DATA RECORDS: Begin

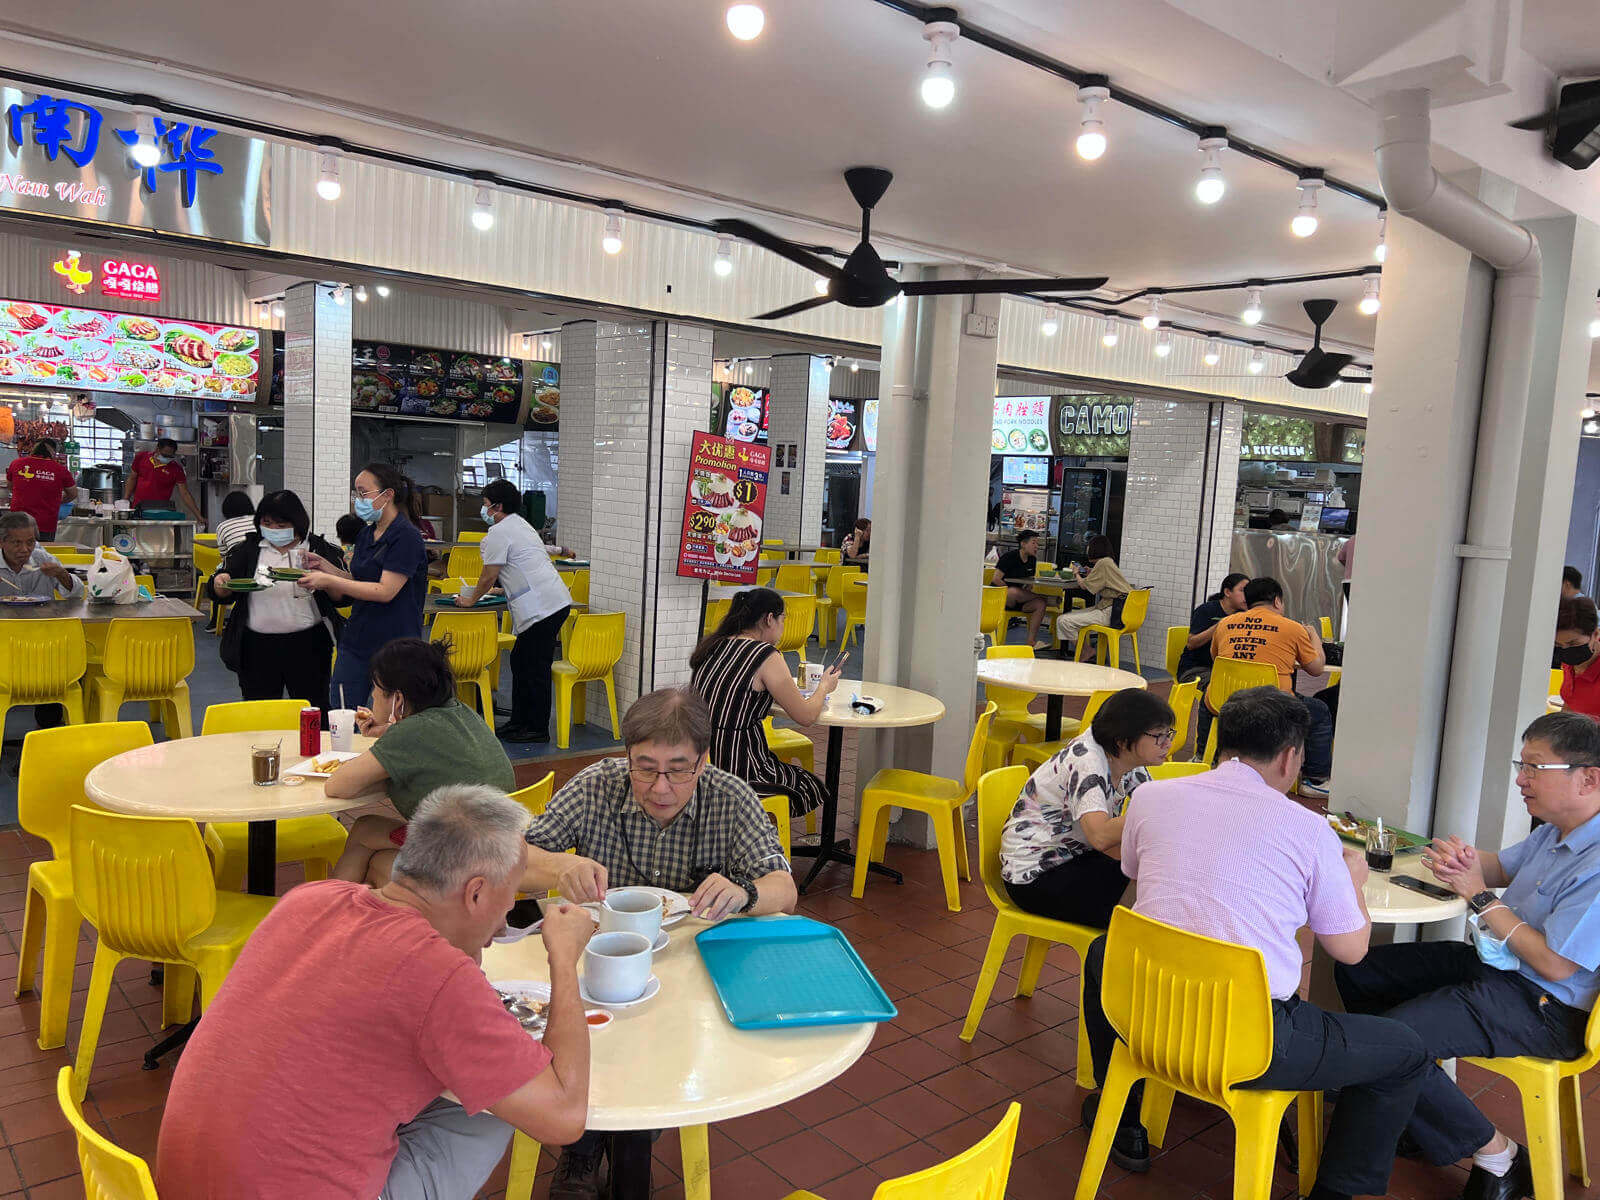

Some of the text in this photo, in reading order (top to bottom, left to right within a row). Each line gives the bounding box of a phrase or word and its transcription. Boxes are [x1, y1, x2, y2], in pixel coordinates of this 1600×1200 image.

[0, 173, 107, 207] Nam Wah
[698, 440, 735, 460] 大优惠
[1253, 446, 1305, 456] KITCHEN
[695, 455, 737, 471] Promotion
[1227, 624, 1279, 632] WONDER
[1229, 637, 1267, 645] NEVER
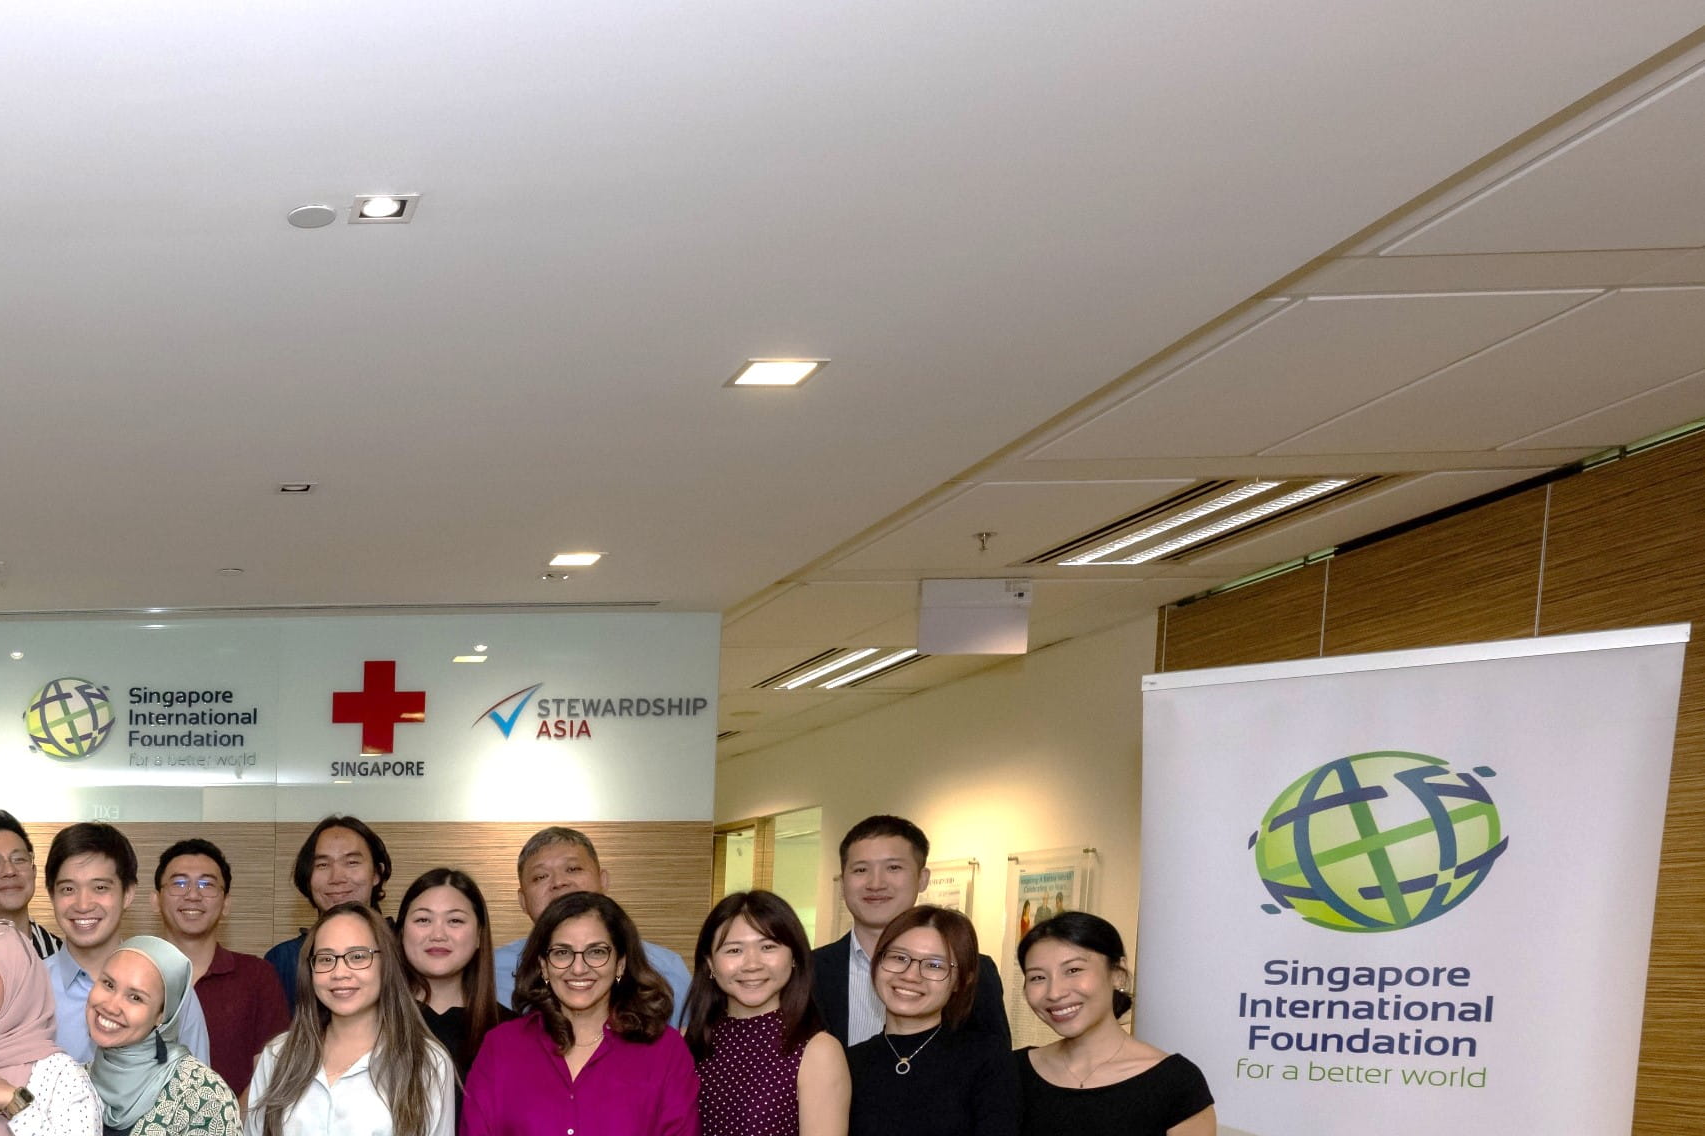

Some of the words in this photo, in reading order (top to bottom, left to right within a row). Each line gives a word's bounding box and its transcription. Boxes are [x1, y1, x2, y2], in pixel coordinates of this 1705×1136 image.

DATA RECORDS: End

### DIRECTIONS
Aside from the pictures, copy all of the entries exactly.

### RESPONSE TO THIS TASK
Some of the text in this photo, in reading order (top to bottom, left to right within a row). Each line gives the bounding box of a phrase or word and its transcription. Boxes are [x1, y1, x2, y2], in pixel coordinates of this 1600×1200 image.

[0, 173, 107, 207] Nam Wah
[698, 440, 735, 460] 大优惠
[1253, 446, 1305, 456] KITCHEN
[695, 455, 737, 471] Promotion
[1227, 624, 1279, 632] WONDER
[1229, 637, 1267, 645] NEVER

Some of the words in this photo, in reading order (top to bottom, left to right within a row). Each line gives a word's bounding box and its transcription. Boxes are [x1, y1, x2, y2], in pixel coordinates of this 1705×1136 image.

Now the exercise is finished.